In Times Square, the current went dead. 'They turned,' said Younger.

He jumped from the running board, carrying his apparatus, while Littlemore wheeled the car around. Younger searched for a signal. To the north, he found nothing. But when he went to the downtown side of the square, a blue current flickered back to life inside the glass. Soon they were heading south on Broadway. For more than two miles they hurtled down the avenue, the device flashing and clicking steadily.

'Why?' Younger shouted over the car's din.

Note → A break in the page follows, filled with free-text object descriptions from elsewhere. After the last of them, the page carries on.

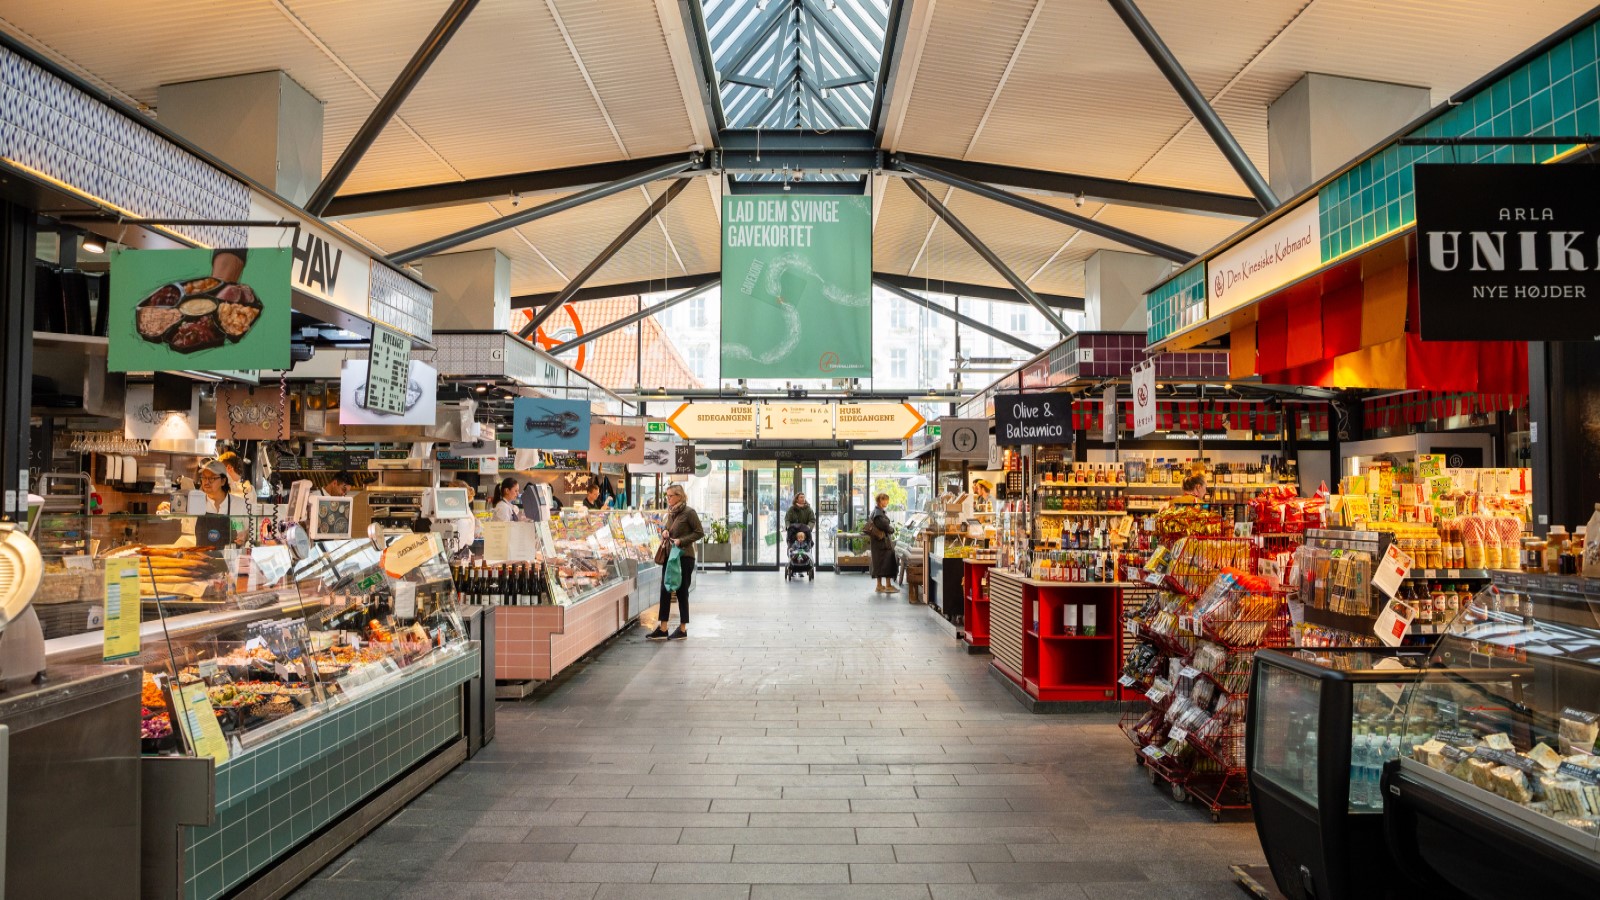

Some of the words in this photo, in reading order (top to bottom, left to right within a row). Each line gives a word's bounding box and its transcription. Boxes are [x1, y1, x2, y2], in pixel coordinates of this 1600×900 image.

[728, 200, 753, 222] LAD
[758, 200, 787, 222] DEM
[791, 200, 839, 222] SVINGE
[1498, 208, 1554, 221] ARLA
[728, 225, 813, 247] GAVEKORTET
[1227, 270, 1241, 290] Den
[1241, 250, 1274, 280] Kinesiske
[1274, 225, 1311, 264] Købmand
[1426, 231, 1600, 271] UNIK
[291, 226, 342, 297] HAV
[741, 258, 764, 295] GAVEKORT
[1473, 286, 1509, 298] NYE
[1514, 286, 1587, 298] HØJDER
[492, 350, 501, 360] G
[1084, 350, 1091, 360] F
[697, 414, 753, 422] SIDEGANGENE
[1012, 403, 1039, 419] Olive
[1043, 402, 1054, 417] &
[765, 415, 773, 430] 1
[1006, 423, 1063, 440] Balsamico
[675, 465, 692, 474] ips
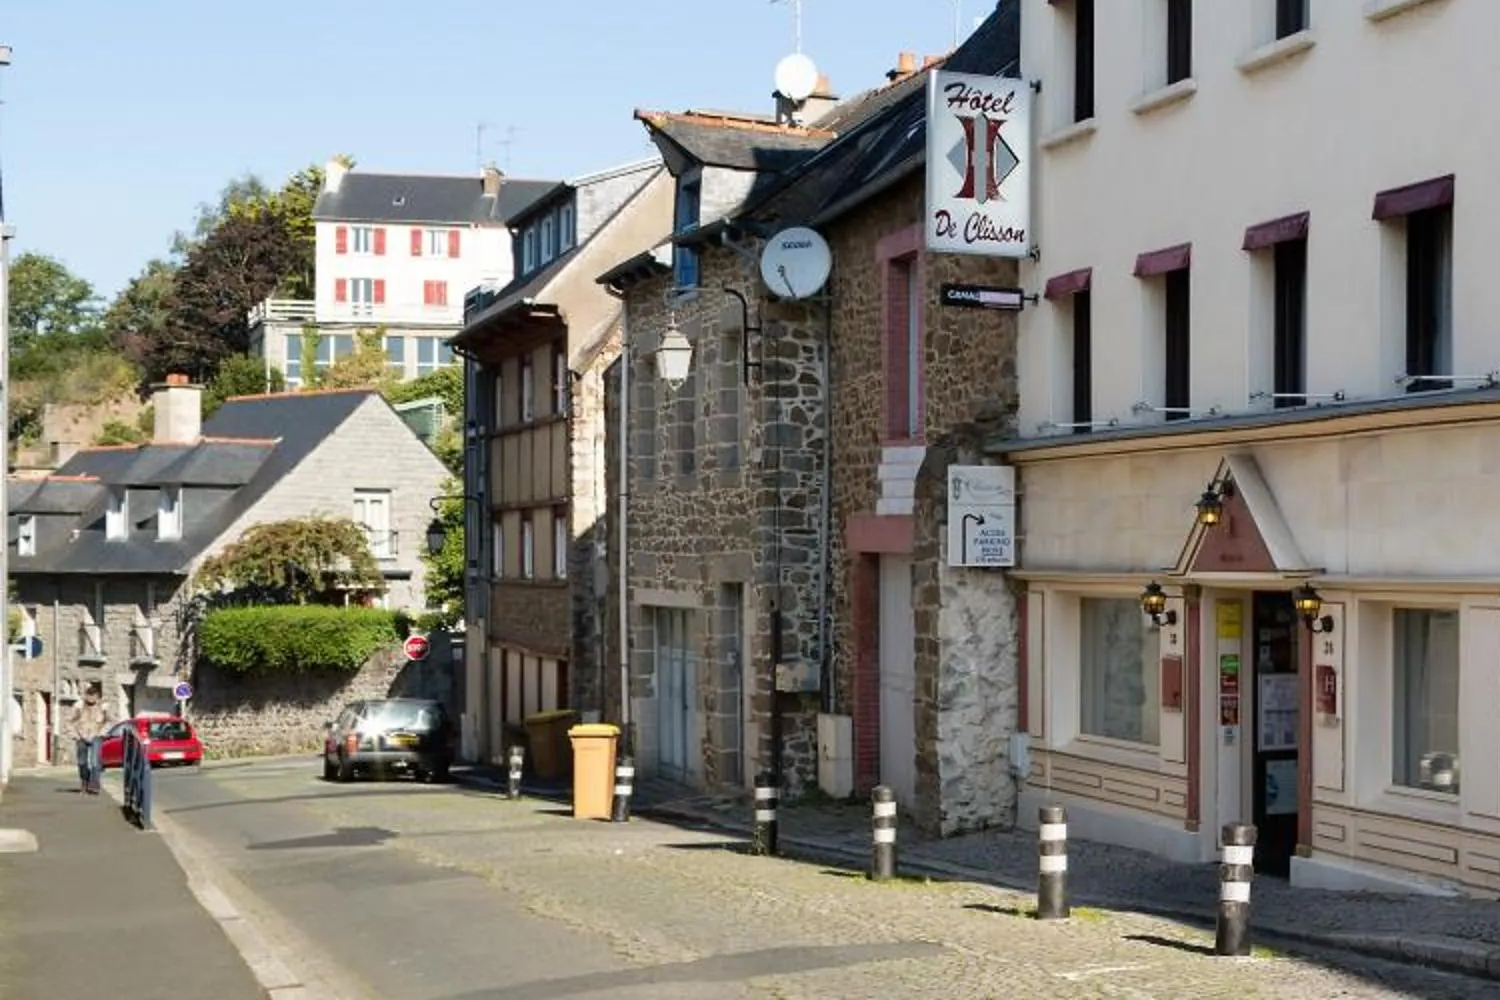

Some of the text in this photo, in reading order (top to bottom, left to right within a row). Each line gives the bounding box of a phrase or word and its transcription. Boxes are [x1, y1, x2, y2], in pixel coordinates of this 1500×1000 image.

Littlemore interpreted: 'Why kidnap her?'

Younger nodded.

'They take girls for two reasons,' shouted the detective. 'Money is one.'

What Colette would have done, had she been on her own, she didn't know. When the car finally came to a halt and they pulled her out into an unlit street, the two stupid underlings, Miljan and Zelko, fought with each other constantly. She might have made a run for it – if she had been on her own. But they had her brother too, so any thought of wrenching loose and running was out of the question.

Miljan – the small one, who smelled of onion – was apparently competing with Zelko to be keeper of their female prisoner. Each tried to yank her away from the other, coming to the point of blows until Drobac forced Miljan to take Luc, while Zelko got Colette.

In the warrens of the Lower East Side, Younger had to get down at almost every intersection, hunting for radioactivity through a series of twists and turns in the labyrinthine byways. A few minutes later, on a dark street, the chatter from Younger's device grew so loud he had to dampen it.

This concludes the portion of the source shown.